WHAT THE EXERCISE ASKS:
Without copying any picture, return all lines below exactly.
▶
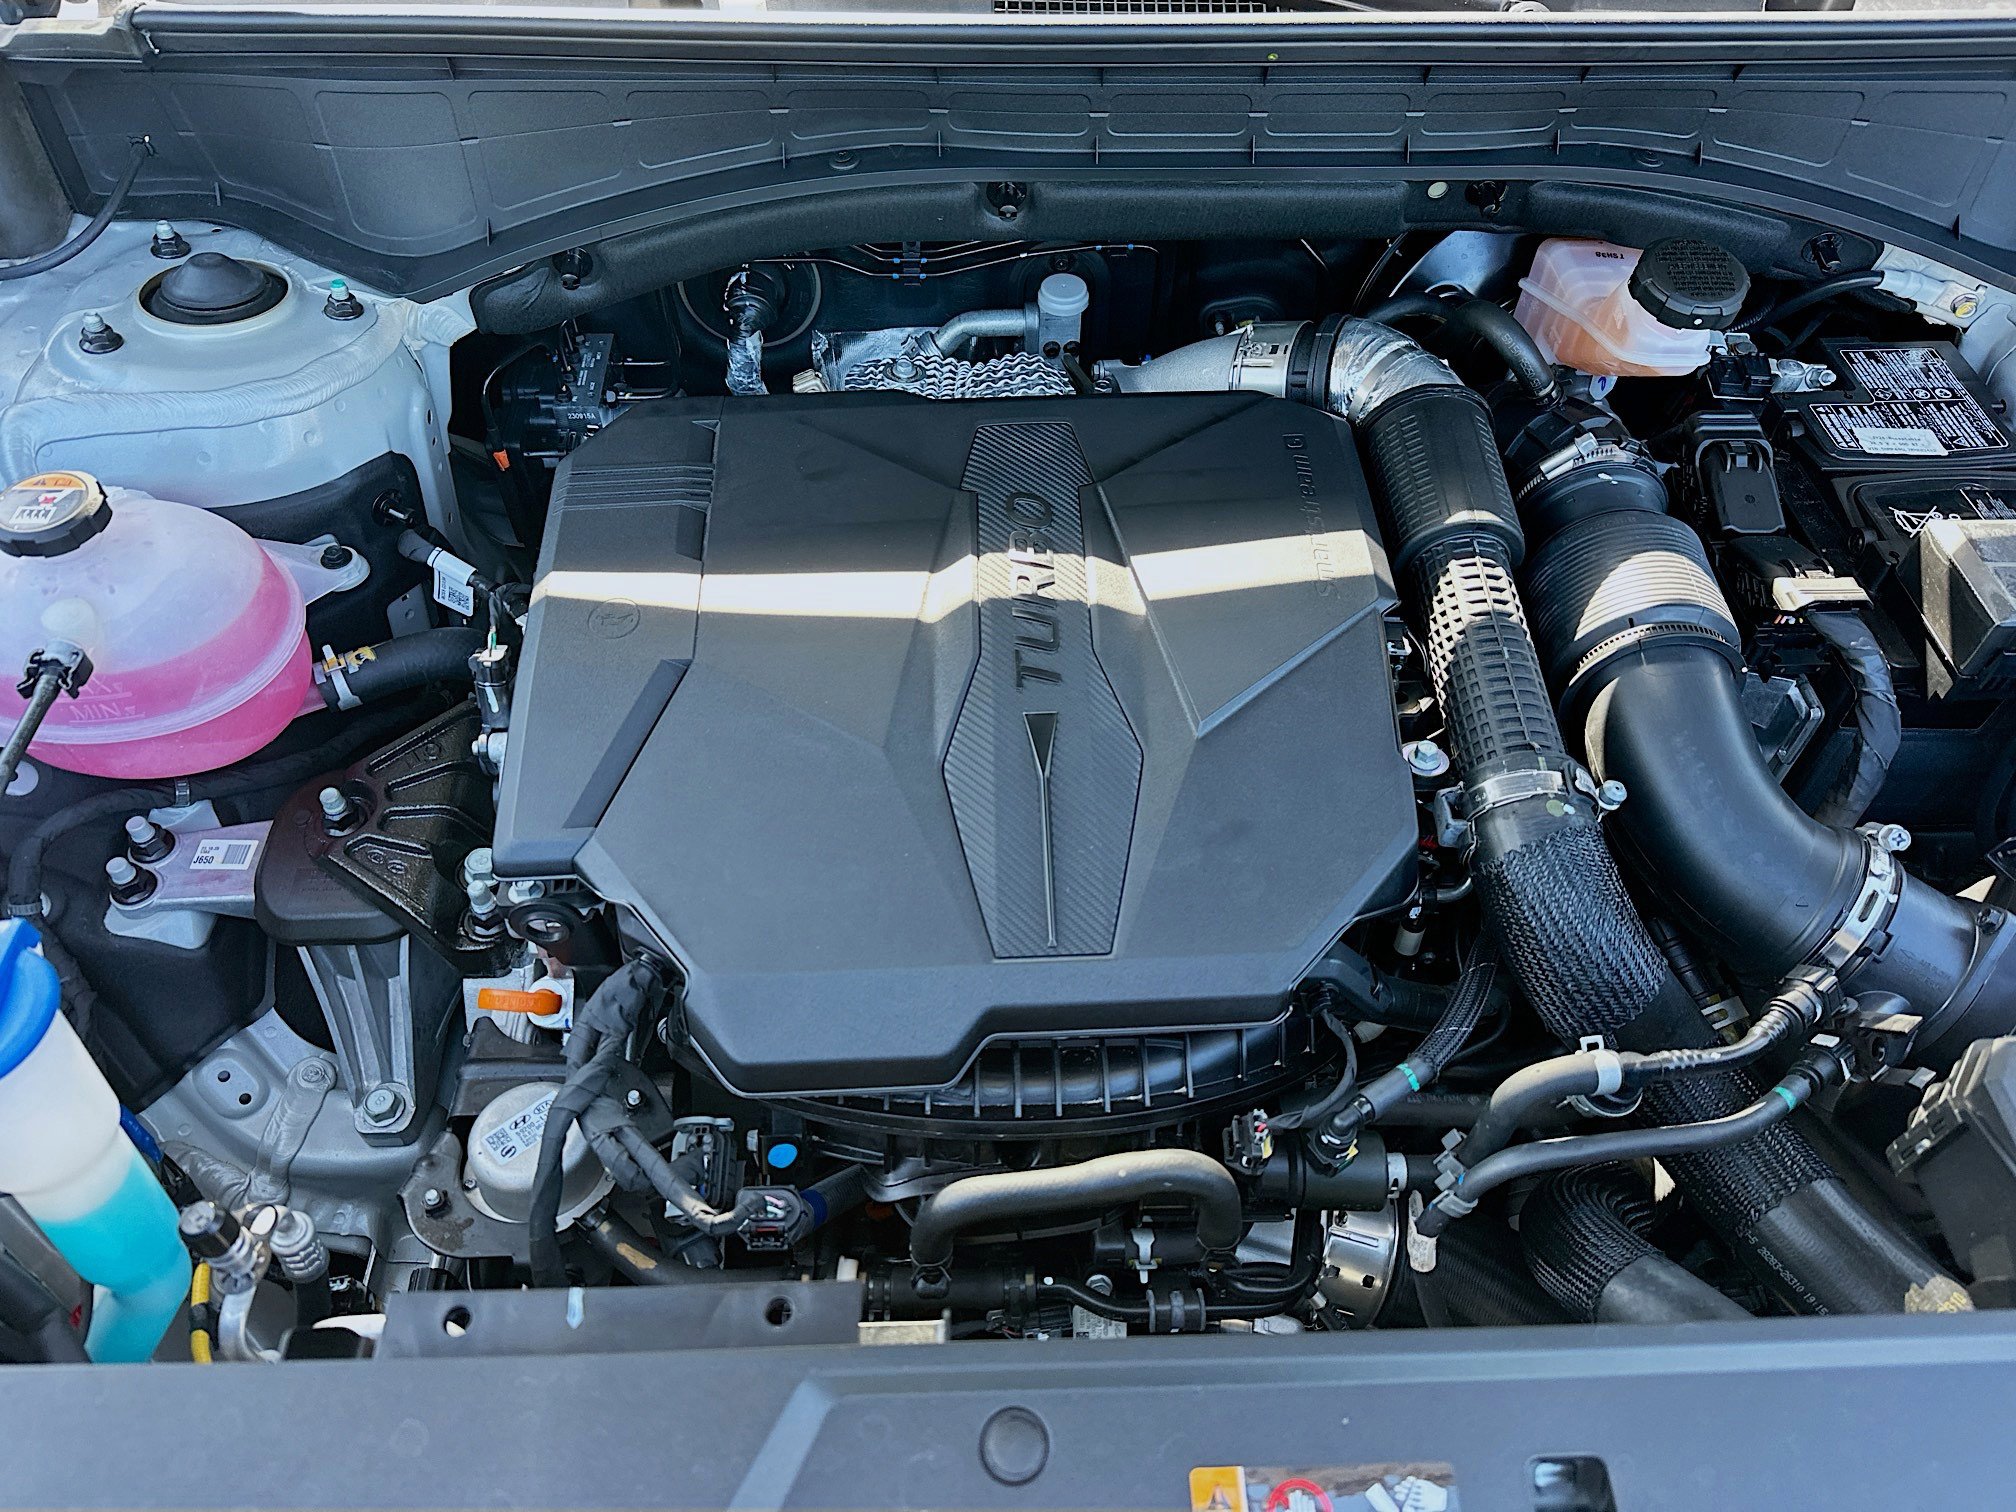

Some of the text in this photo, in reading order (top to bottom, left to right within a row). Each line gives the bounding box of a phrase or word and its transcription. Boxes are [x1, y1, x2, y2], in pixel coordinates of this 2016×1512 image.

[1006, 491, 1063, 693] TURBO
[69, 702, 122, 720] MIN
[193, 855, 214, 864] J650
[1757, 1246, 1805, 1292] 28283-2S310
◀
EXERCISE RESULT:
Some of the text in this photo, in reading order (top to bottom, left to right within a row). Each line gives the bounding box of a phrase or word and its transcription. Boxes are [x1, y1, x2, y2], in pixel coordinates of this 2016×1512 image.

[1006, 491, 1063, 693] TURBO
[69, 702, 122, 720] MIN
[193, 855, 214, 864] J650
[1757, 1246, 1805, 1292] 28283-2S310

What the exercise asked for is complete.